Robinson, “Gospels as narratives”

• Much of essay is speculative, but interestingly so.

• Tends to see a negative element in the scripting of the gospel.

• The heart of the matter is his contrast of Mark with an itinerant, radical sort of movement, centered on sayings

– and possibly open to appearances of the resurrected

Jesus.

• Such appearances would leave a corresponding openness to new sayings (i.e., resurrected Jesus would continue teaching).

• Sees Mark as reticent about sayings, resurrection appearances.

• Mark’s scripted character aim to close the tradition of a

“living Jesus” who continues to appear, teach.

• Sees this textual limiting as continuing in Matthew and

Luke, who correspondingly “tame” Q by swallowing it up.

Kelber, “Narrative and Disclosure

• Sees Mark as writing a “disorienting-reorienting narrative which forestalls closure.”

• Emphasizes the insider/outsider dichotomy seen in the parable of sower (“hina” in Gk. = “so that”).

• Esoteric secrecy inheres in sayings gospels.

• Parables, on other hand, foster an open-endedness toward signification, interpretation.

• Wisdom entrusted to insiders anticipates its eventual openness.

• The secrecy about his identity that Jesus enjoins in fact exerts pressure toward proclamation.

• “Nothing hidden, except to be revealed ; nothing secret, but that it come to light ” (4:22).

• But “the more the narrative struggles to overcome secrecy and to make disclosure, the more it reveils itself in parabolic mystery.”

• Readers are challenged to become “new insiders.”

• How are readers to understand the mysteries of Jesus’ sonship to

God in view of his confession of being forsaken by God?
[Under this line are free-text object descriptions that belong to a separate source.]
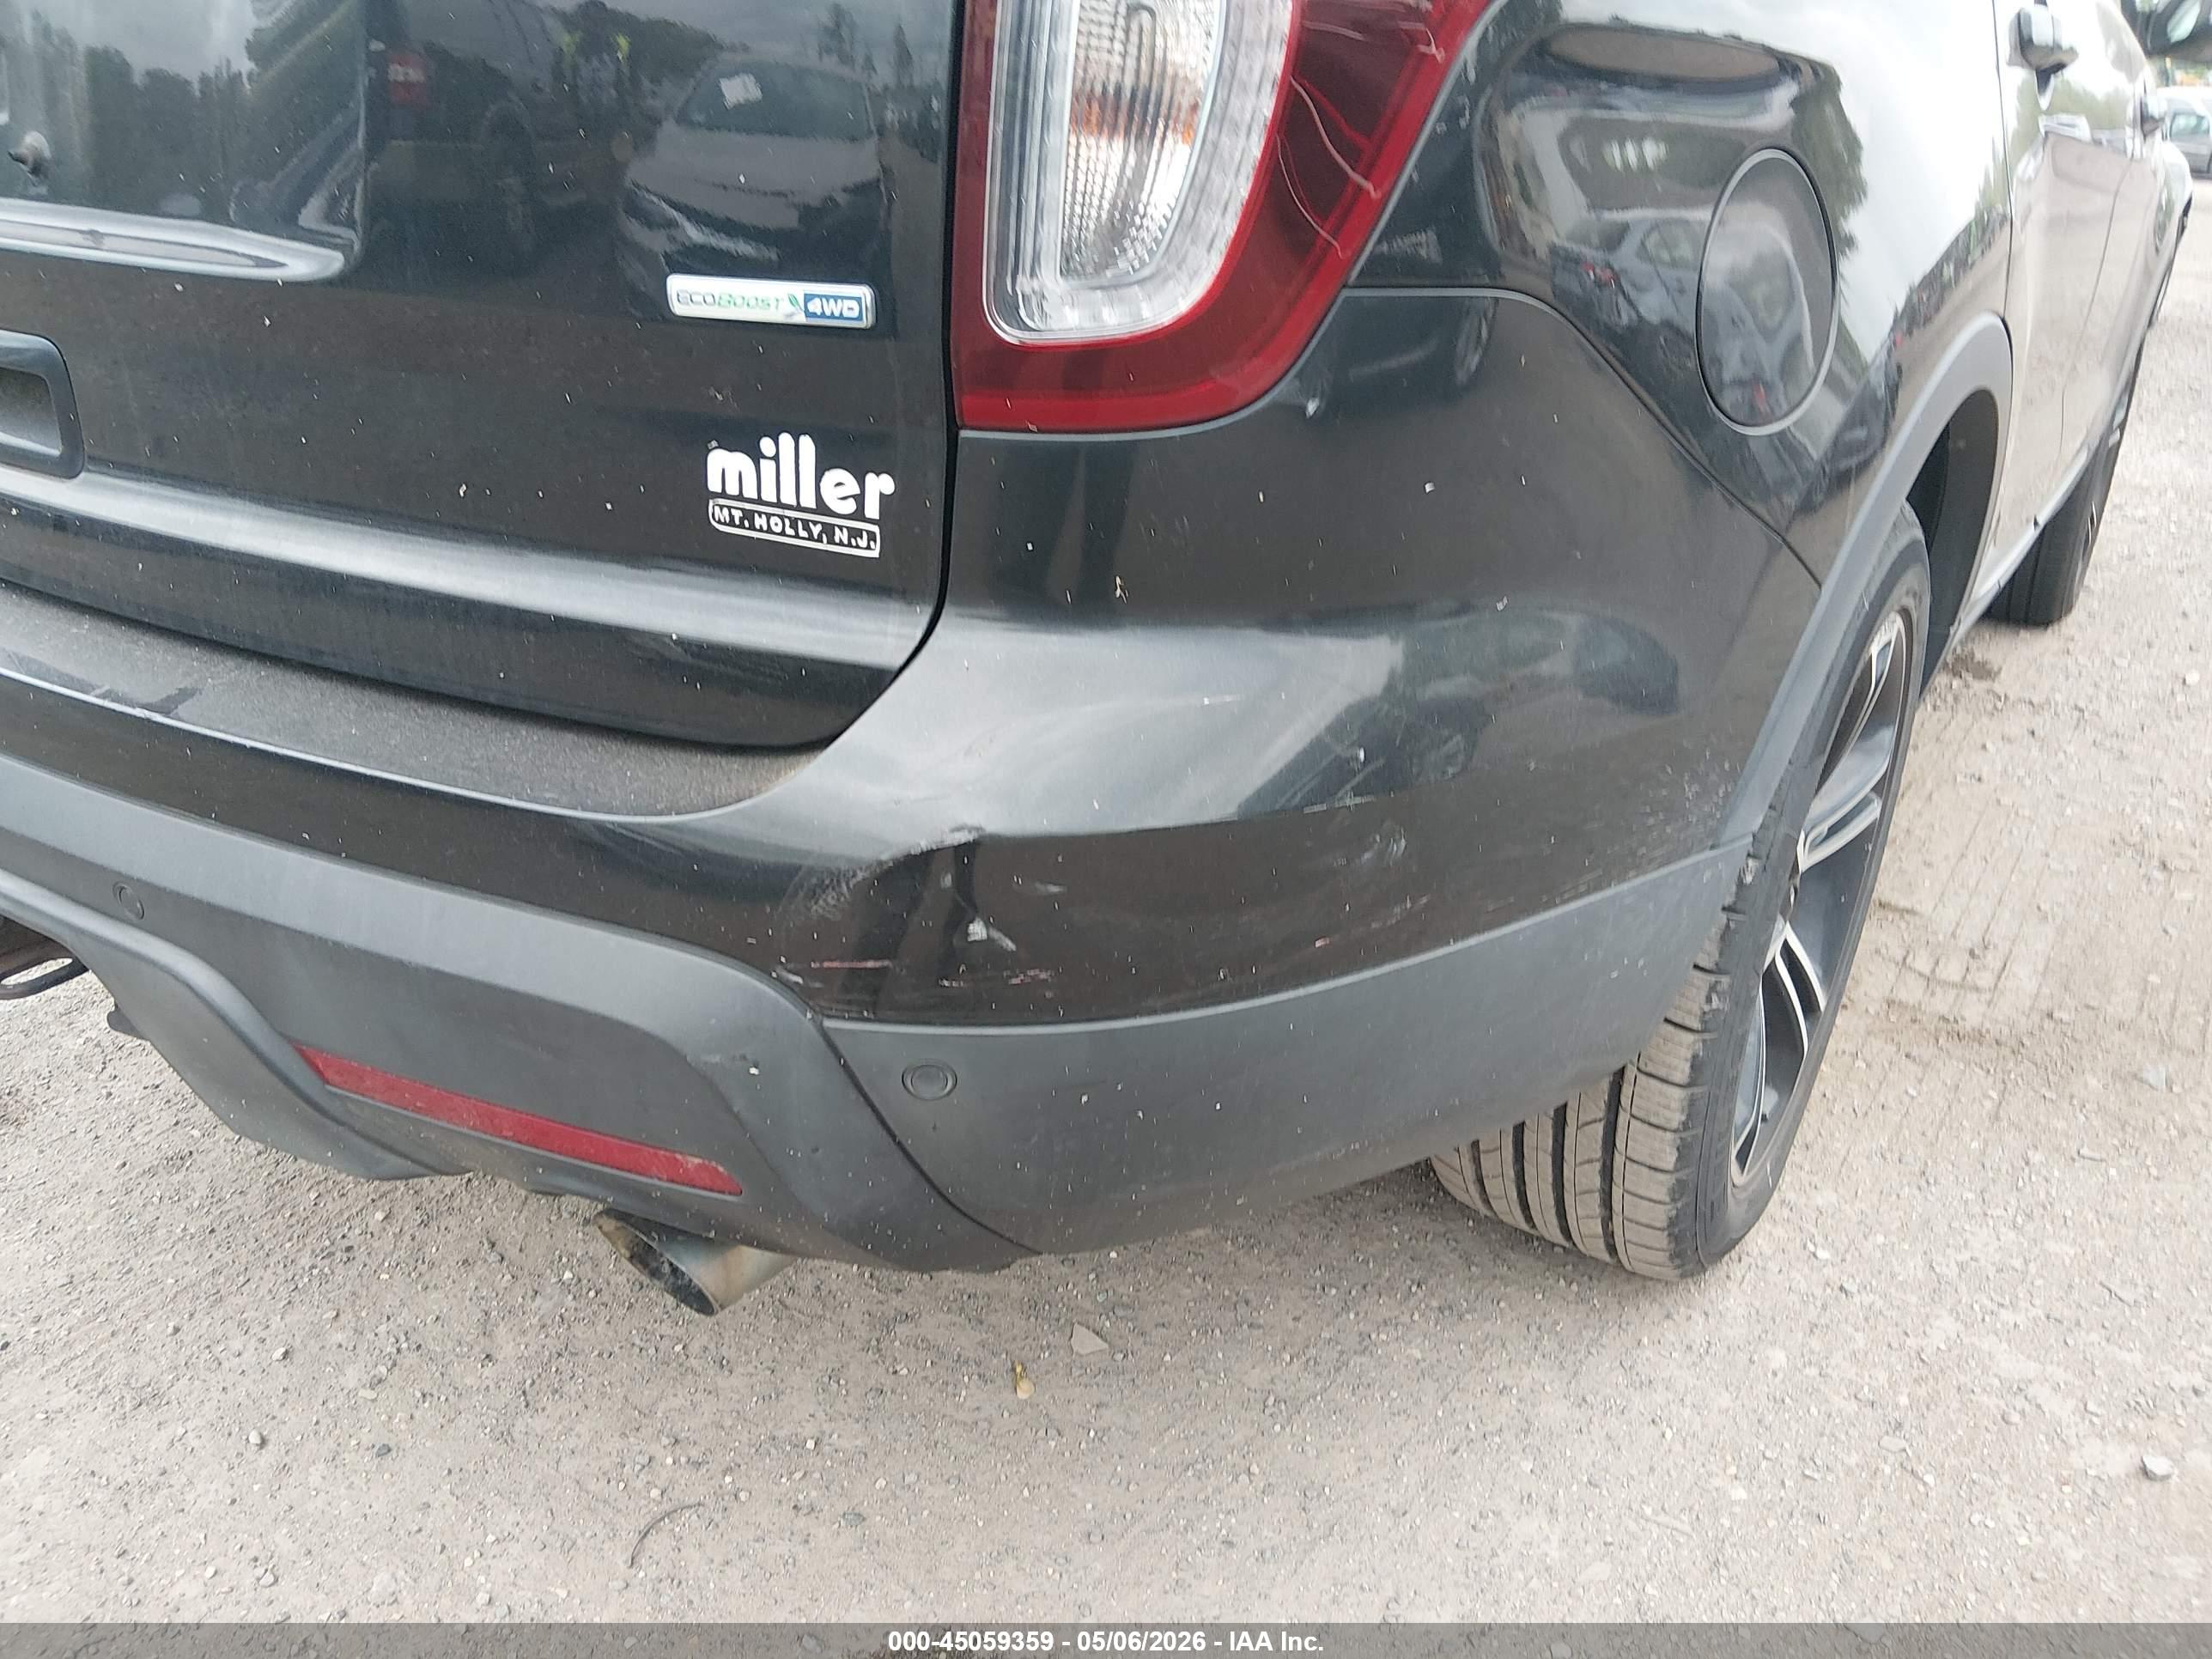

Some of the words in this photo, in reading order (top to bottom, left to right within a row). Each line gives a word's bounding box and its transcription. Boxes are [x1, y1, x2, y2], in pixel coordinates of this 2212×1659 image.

[806, 296, 860, 319] 4WD
[707, 431, 895, 520] miller
[714, 504, 750, 528] MT.
[754, 512, 828, 544] HOLLY,
[833, 526, 876, 550] N.J.
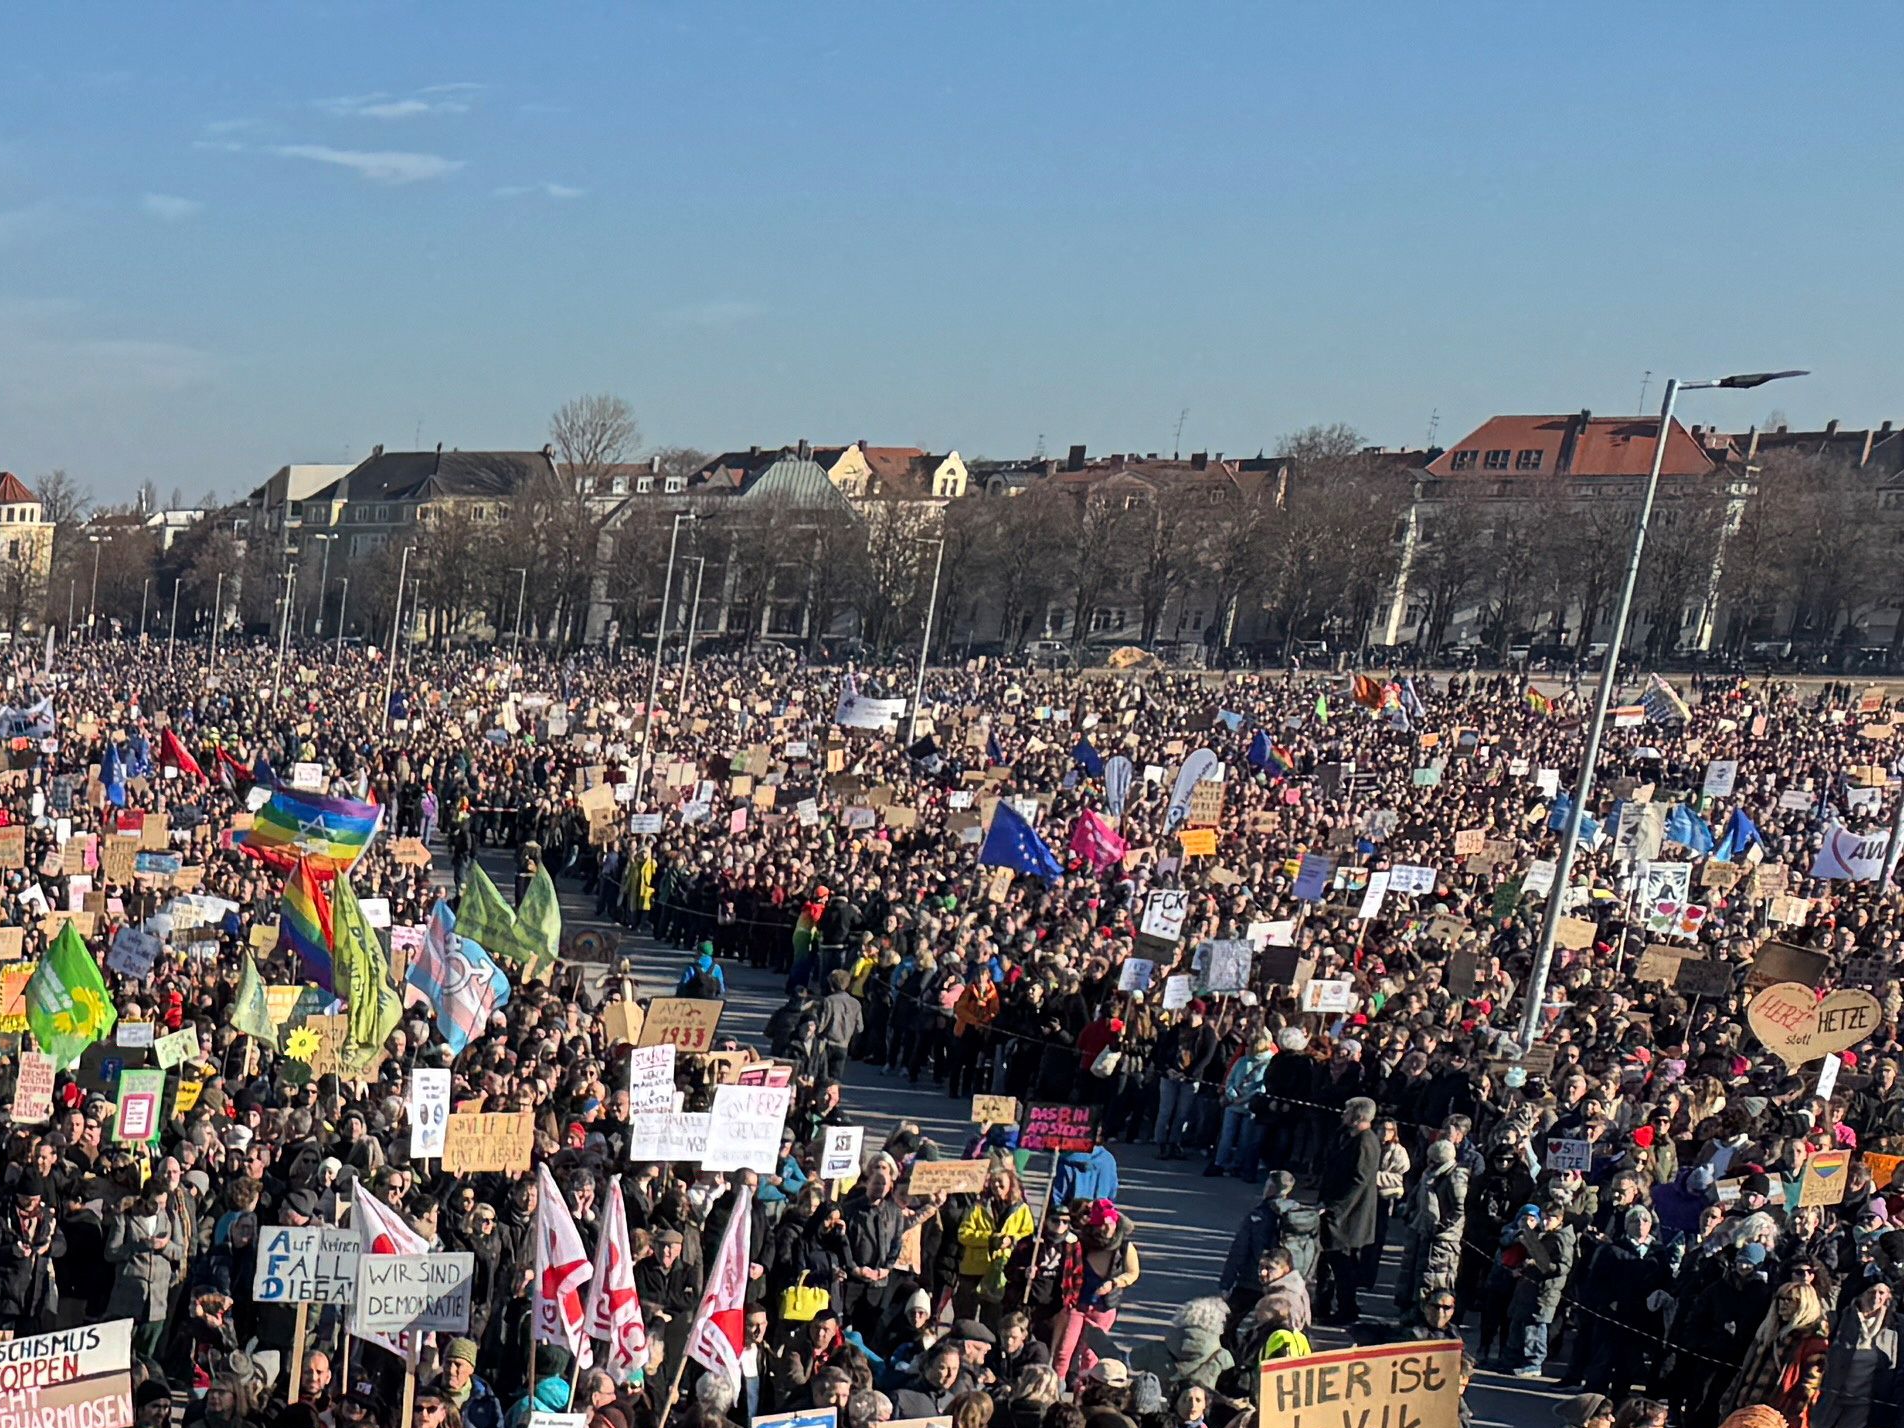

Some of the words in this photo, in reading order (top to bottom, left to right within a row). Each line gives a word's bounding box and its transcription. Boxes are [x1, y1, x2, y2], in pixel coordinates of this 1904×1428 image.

[1149, 892, 1189, 912] FCK
[1817, 1006, 1870, 1035] HETZE
[661, 1025, 707, 1049] 1933
[368, 1263, 414, 1286] WIR
[416, 1262, 461, 1284] SIND
[368, 1295, 465, 1318] DEMOKRATIE
[1275, 1360, 1374, 1413] HIER
• The caution of his last paragraph!

Kelber, “Narrative as interpretation and interpretation of narrative”

• Narrative is such a universal part of our experience that we tend to take it for granted, including gospel narrative.

• Sees the parable as the oral genre going back to Jesus that gives rise to narrative: “parable joins proclamation.”

• Follows Robinson in seeing distinction between the portrayal of risen Christ, speaking openly, and the earthly Jesus, speaking in parables.

• Mark, ironically, “redescribed” the element of parable in his technique of “parabolic reversal” to subvert conventional expectations of transmission of narrative to place burden on hearers/readers.

• Mark’s narrative partakes of “parable understanding” – need for interpretation, understanding.

• Manuscript culture doesn’t see texts as fully complete, closed.

• Scribal hermeneutics was based in the involvement of the reader, on

“reader response.”

• “Narrative as interpretation”: if narrative was born in act of interpreting, then readers must be continuing in the same activity.

Teaching in Jerusalem

• Interestingly, it’s Jesus’ cleverness that emerges here.

• He parries the question about his authority by his question about John’s authority: 11: 27ff.

• The parable of the vineyard: 12:1-12.

• The response to the question about taxes to

Caesar.

• Response to the Saducees over resurrection of dead.

• Response to question of the “greatest commandment.”

• The issue of Davidic messiahship. This is important to Matthew and Luke. But Mark has

Jesus rejecting the necessity: 12: 35-37.

• (In Mark Jesus is emphatically a Galilean – no connection with Judea, Bethlehem, Jerusalem.)

Mark’s passion narrative

• Mark’s final three chapters may be the single most influential narrative in our tradition, and perhaps the most powerful.

• Mark’s is the original and source for others – he writes the story first.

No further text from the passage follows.